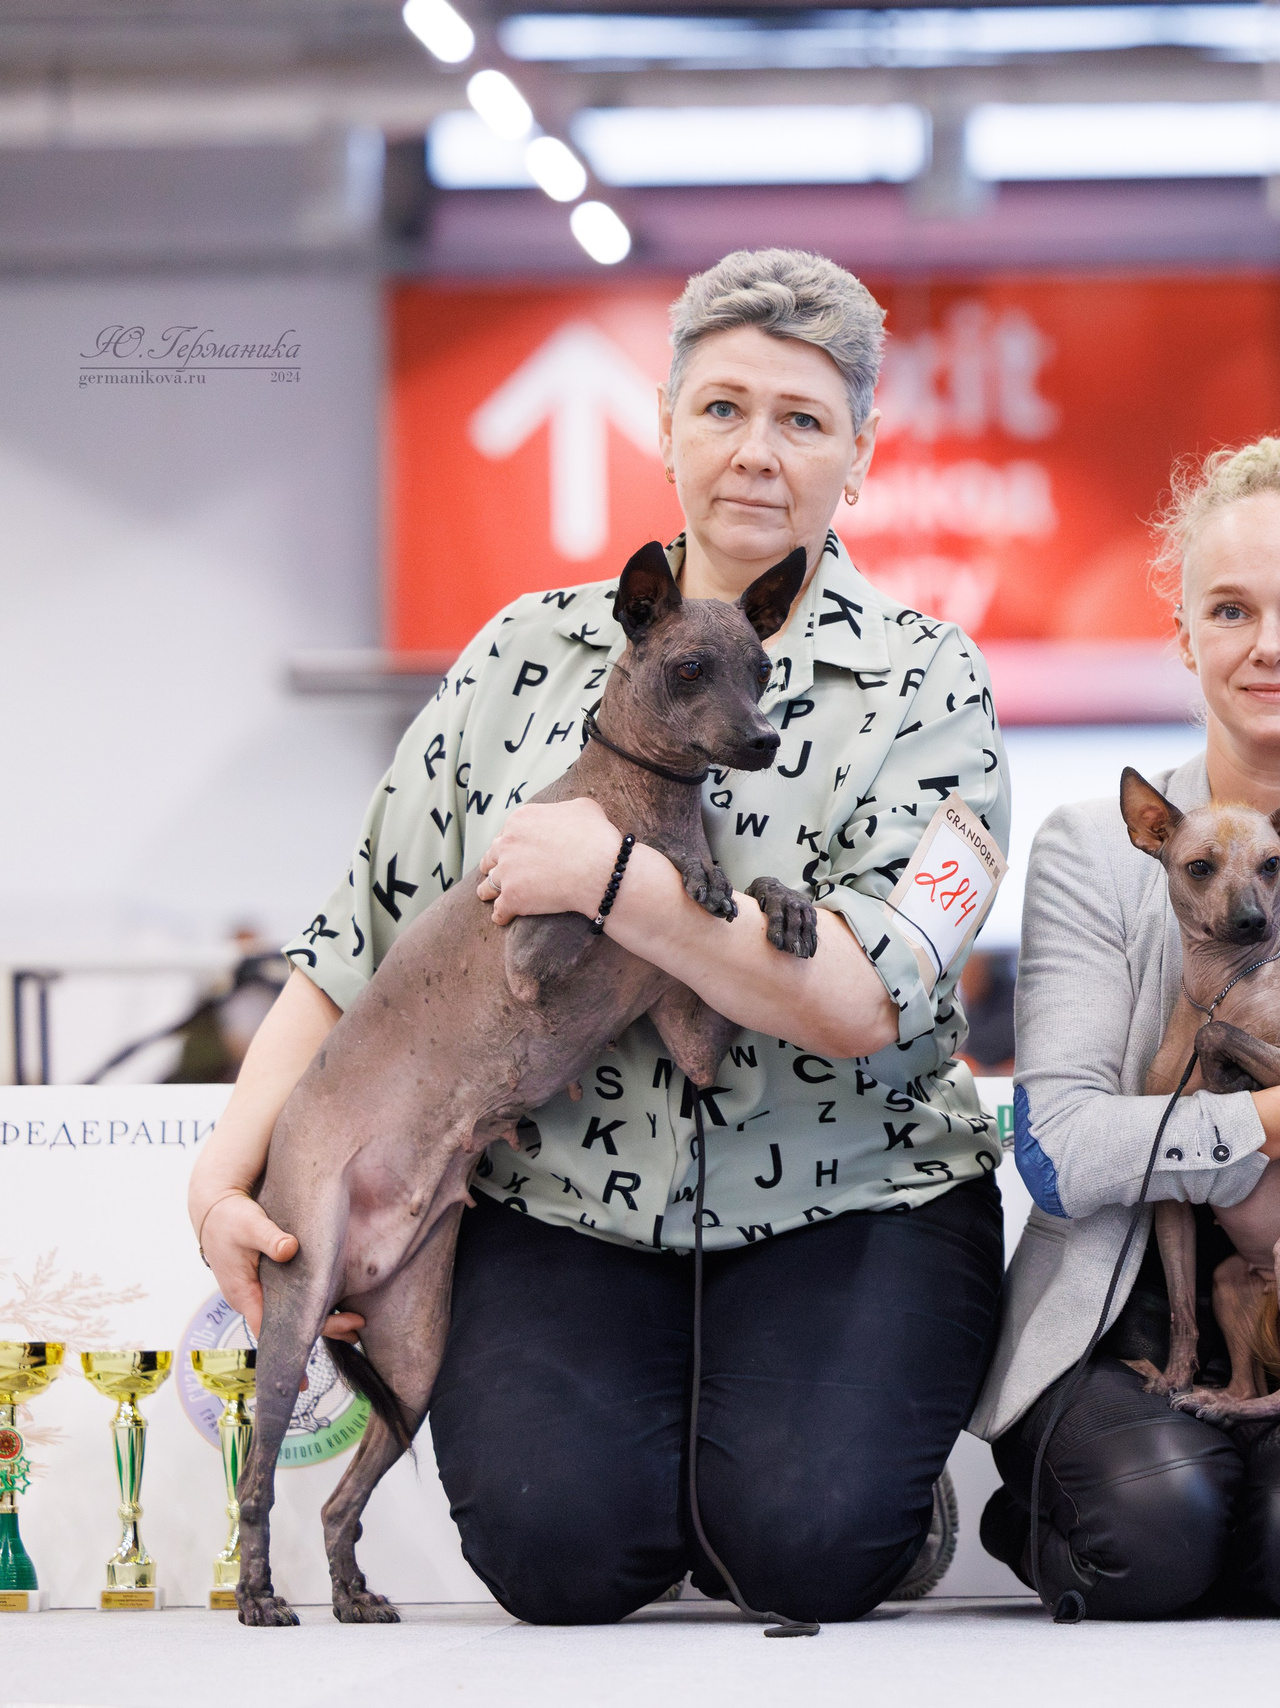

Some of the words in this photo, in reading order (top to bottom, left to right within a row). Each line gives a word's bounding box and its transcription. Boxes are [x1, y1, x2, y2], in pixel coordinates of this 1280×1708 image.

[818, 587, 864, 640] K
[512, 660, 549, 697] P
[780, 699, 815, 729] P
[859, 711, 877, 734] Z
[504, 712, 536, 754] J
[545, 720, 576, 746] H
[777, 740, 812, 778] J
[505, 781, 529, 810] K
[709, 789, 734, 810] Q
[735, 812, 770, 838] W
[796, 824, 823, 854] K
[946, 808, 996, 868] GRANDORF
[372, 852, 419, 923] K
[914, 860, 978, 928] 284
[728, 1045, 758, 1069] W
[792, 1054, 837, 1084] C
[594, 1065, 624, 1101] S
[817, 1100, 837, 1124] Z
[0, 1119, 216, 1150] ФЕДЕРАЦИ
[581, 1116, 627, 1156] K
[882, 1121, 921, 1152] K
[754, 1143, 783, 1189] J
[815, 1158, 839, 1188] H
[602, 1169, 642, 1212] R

Work to be completed: Repeat everything in the records above exactly; pictures are not part of the copy.

Solution for this exercise:
Some of the words in this photo, in reading order (top to bottom, left to right within a row). Each line gives a word's bounding box and its transcription. Boxes are [x1, y1, x2, y2], in pixel coordinates of this 1280×1708 image.

[818, 587, 864, 640] K
[512, 660, 549, 697] P
[780, 699, 815, 729] P
[859, 711, 877, 734] Z
[504, 712, 536, 754] J
[545, 720, 576, 746] H
[777, 740, 812, 778] J
[505, 781, 529, 810] K
[709, 789, 734, 810] Q
[735, 812, 770, 838] W
[796, 824, 823, 854] K
[946, 808, 996, 868] GRANDORF
[372, 852, 419, 923] K
[914, 860, 978, 928] 284
[728, 1045, 758, 1069] W
[792, 1054, 837, 1084] C
[594, 1065, 624, 1101] S
[817, 1100, 837, 1124] Z
[0, 1119, 216, 1150] ФЕДЕРАЦИ
[581, 1116, 627, 1156] K
[882, 1121, 921, 1152] K
[754, 1143, 783, 1189] J
[815, 1158, 839, 1188] H
[602, 1169, 642, 1212] R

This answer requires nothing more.